One day the second week of July she called Emily up from Chicago by 'phone. Could she bring Miss Curtis and a little niece down for a week or two? Could she, indeed! When Emily told Bob about that 'phone message, he looked at her. She thought it pitiful that he should say with exaggerated eagerness:

"Good! That's fine, Emily."

Emily thought at first sight that Saturday morning, that the child was quite as commonplace as her aunt. She was inclined to be fat; she was shy; she had a featureless little soft face, and blue eyes, and brown bobbed hair and a husky voice; but by noon Emily loved her. Her disposition evoked admiration. She had a way of going suddenly to her aunt and kissing her heartily, that was very spontaneous and endearing. Without warning, as they all sat at the dinner table, she rose from her place and went and threw her fat arms about Miss Curtis's neck and gave her a resounding kiss, as though it was the only thing to do, and then quietly went back to her chair. Bob was amused by her lack of self-consciousness; and, during dessert, he acquired quite suddenly an admiration that was all but awe for Miss Curtis.
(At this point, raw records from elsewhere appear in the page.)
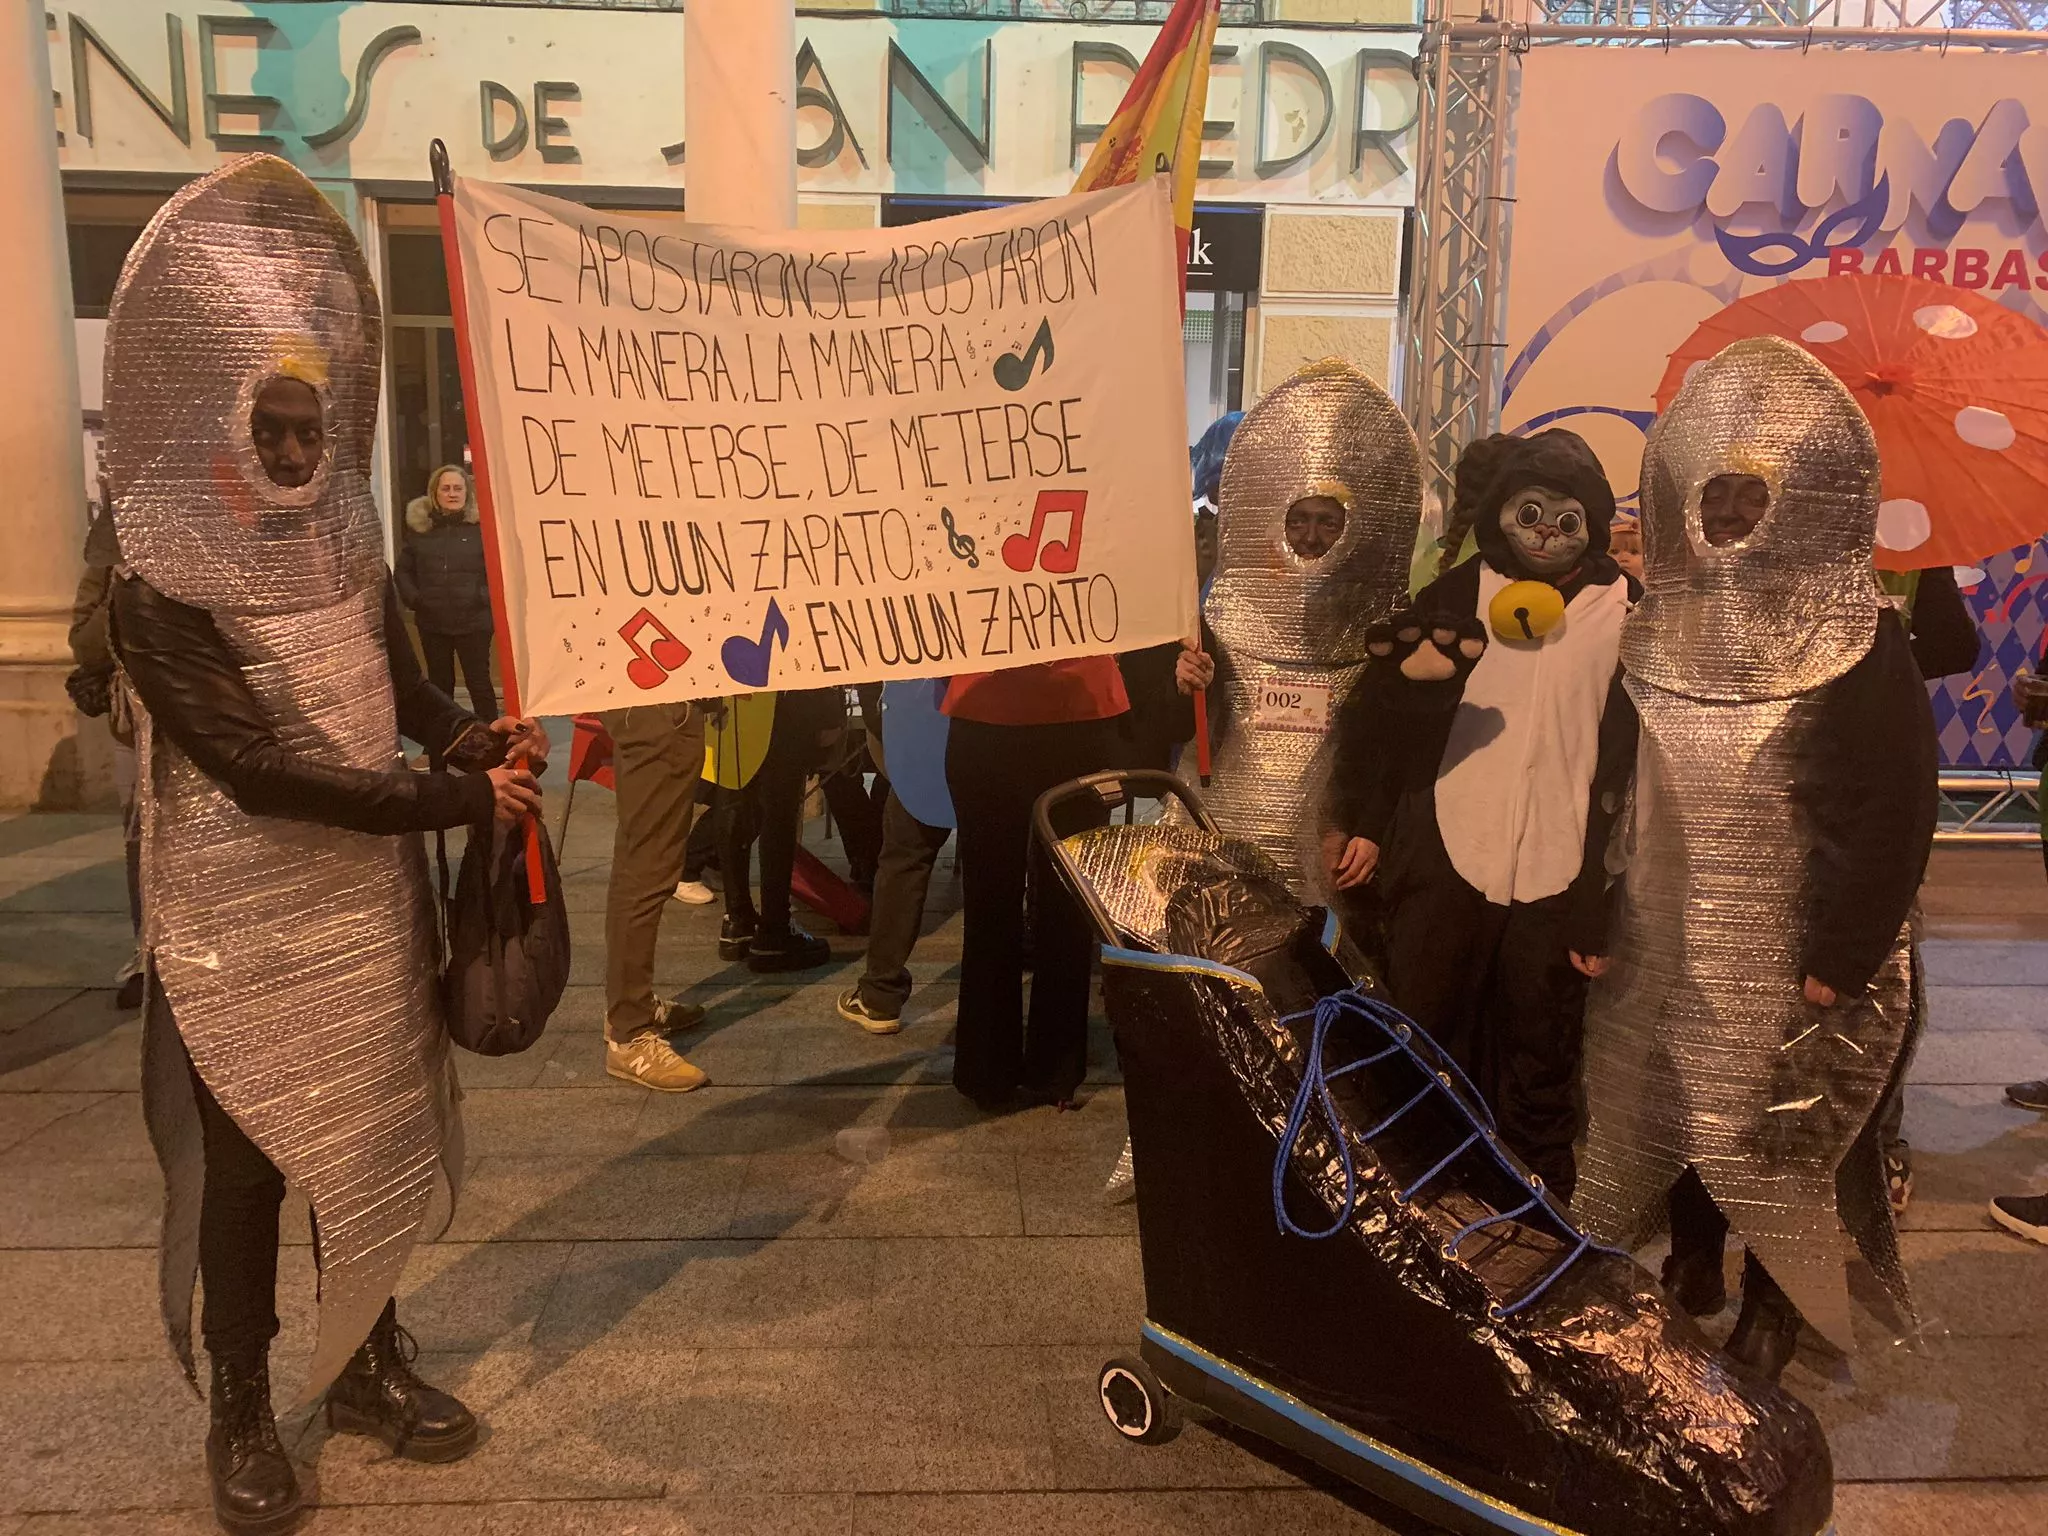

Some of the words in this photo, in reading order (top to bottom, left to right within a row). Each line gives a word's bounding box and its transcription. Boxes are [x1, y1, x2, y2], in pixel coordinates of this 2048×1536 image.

[46, 12, 421, 153] NES
[480, 80, 580, 163] DE
[484, 213, 562, 303] SE
[877, 214, 1098, 318] APOSTARON
[505, 318, 576, 395] LA
[745, 333, 803, 403] LA
[809, 322, 966, 399] MANERA
[521, 415, 587, 496] DE
[601, 423, 814, 501] METERSE,
[816, 420, 878, 497] DE
[889, 397, 1087, 490] METERSE
[539, 518, 608, 599] EN
[614, 518, 736, 598] UUUN
[740, 508, 920, 592] ZAPATO,
[805, 599, 868, 674] EN
[865, 590, 968, 666] UUUN
[966, 573, 1119, 657] ZAPATO
[1265, 691, 1302, 709] 002
She had happened to say that she had never, as a matter of fact, been so well at the end of a school year.

"But of course I was never so well taken care of in my life." She was speaking towards Emily. "Never in my life, before, Mrs. Kenworthy, have I happened to—be living—so that anybody brought my breakfast to me in bed. That's never happened to me before." It wasn't a complaint; it was merely a fact, stated impersonally.
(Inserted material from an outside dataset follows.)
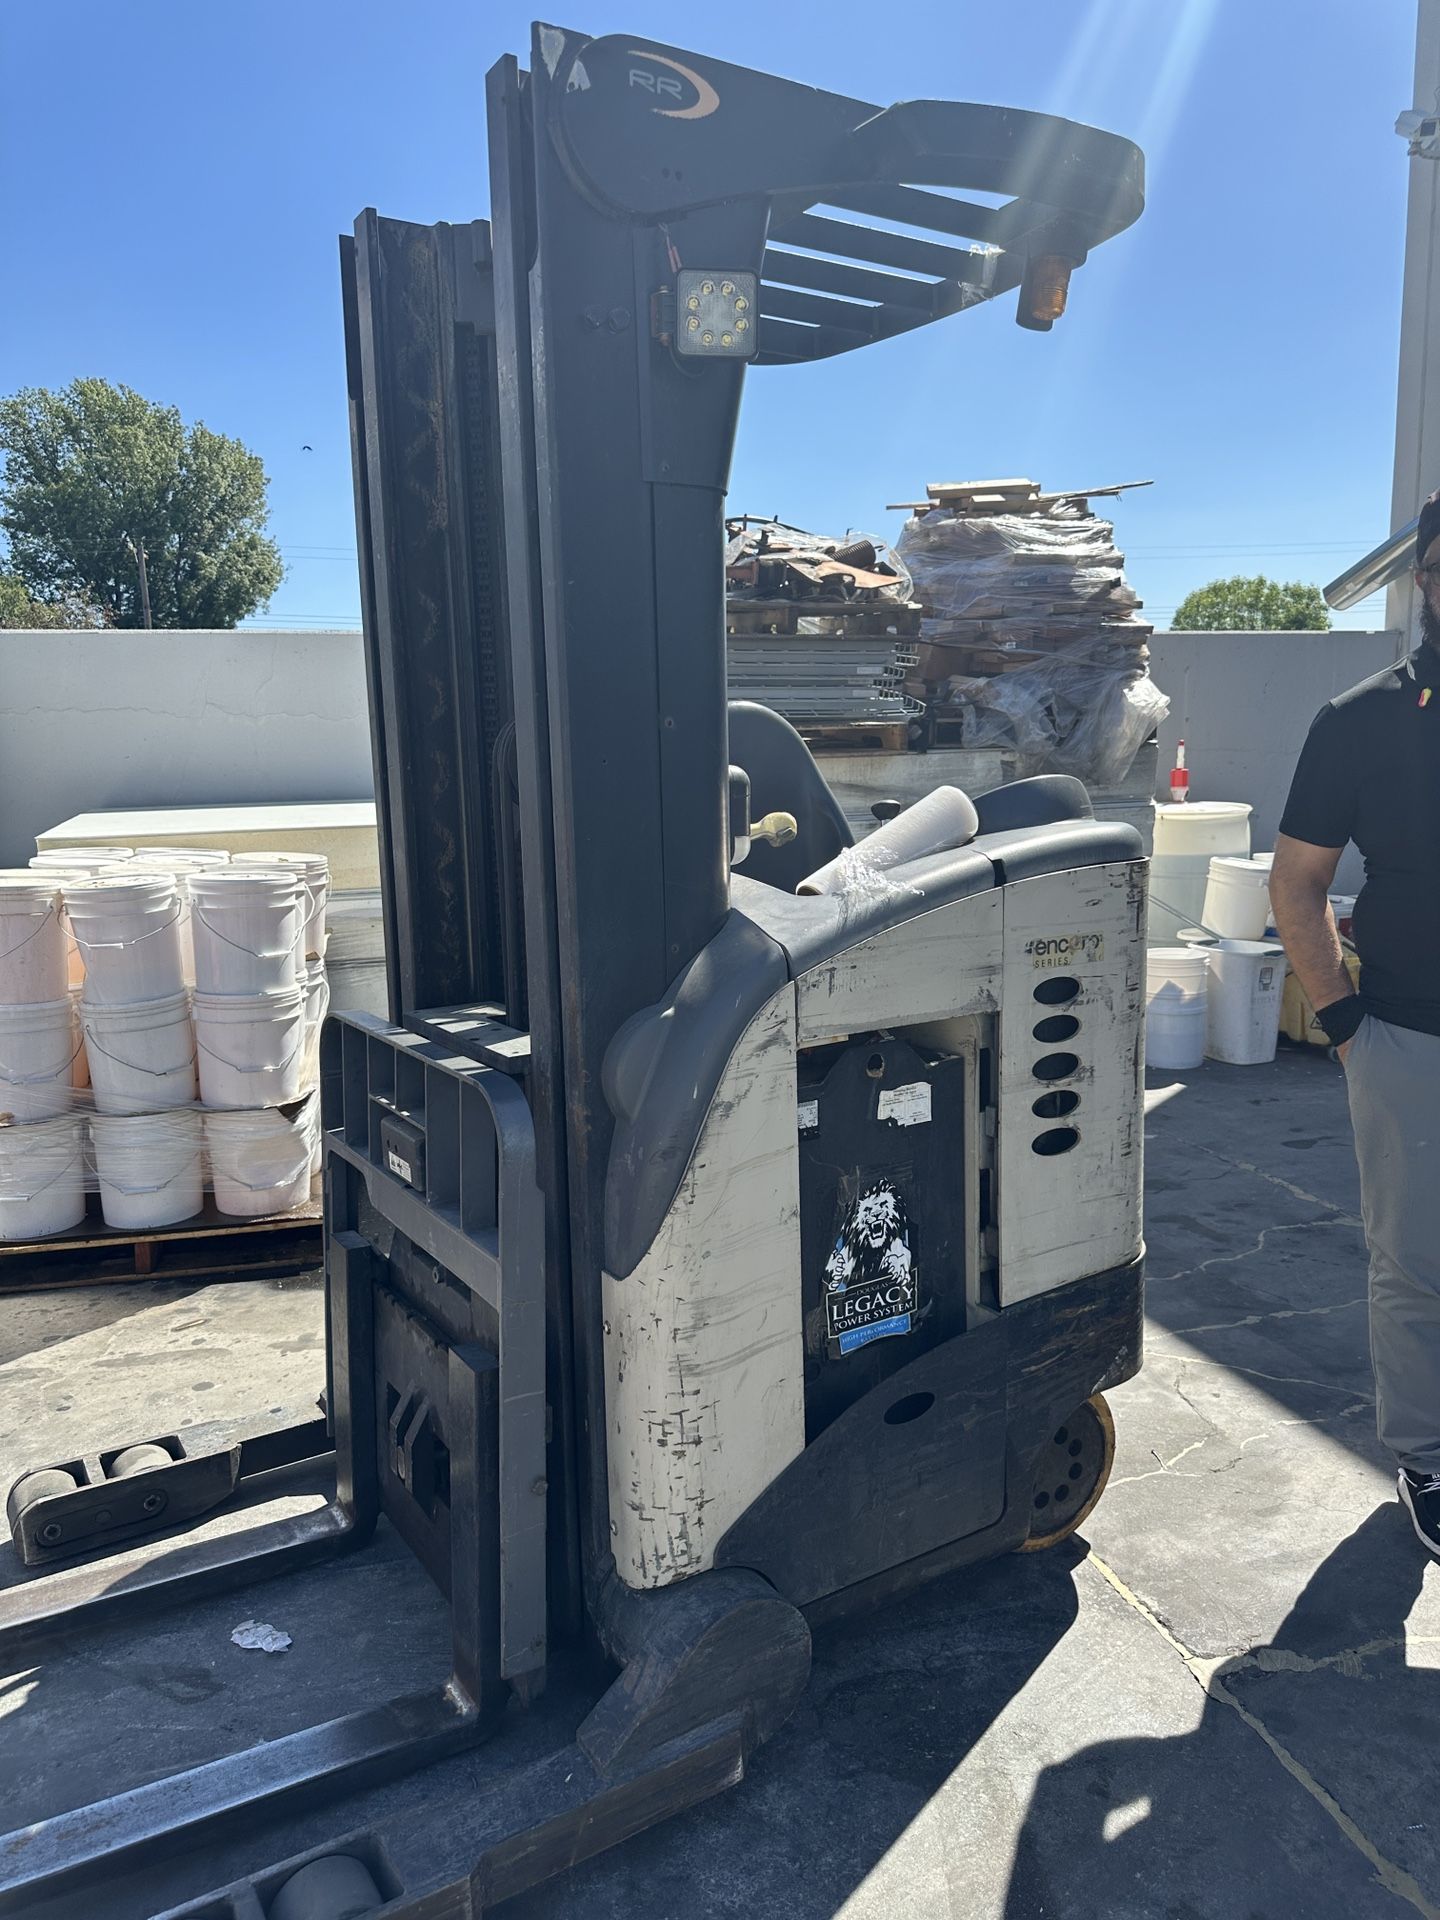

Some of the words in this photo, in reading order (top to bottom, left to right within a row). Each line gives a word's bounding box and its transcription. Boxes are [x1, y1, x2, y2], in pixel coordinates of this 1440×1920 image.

Emily knew perfectly what she meant, but she had to ask the question to enlighten Bob.

"Your colored girl comes early, then, now?" she asked.

"Not the colored girl; this little white girl," she said, indicating Martha affectionately. "This girl simply bosses me about I don't dare to get up and get my breakfast, in my own house."

Martha said: "Oh, that's nothing. Mother always did that for me."

Emily saw that Bob was on the point of crying, "My God!" She blessed him for refraining.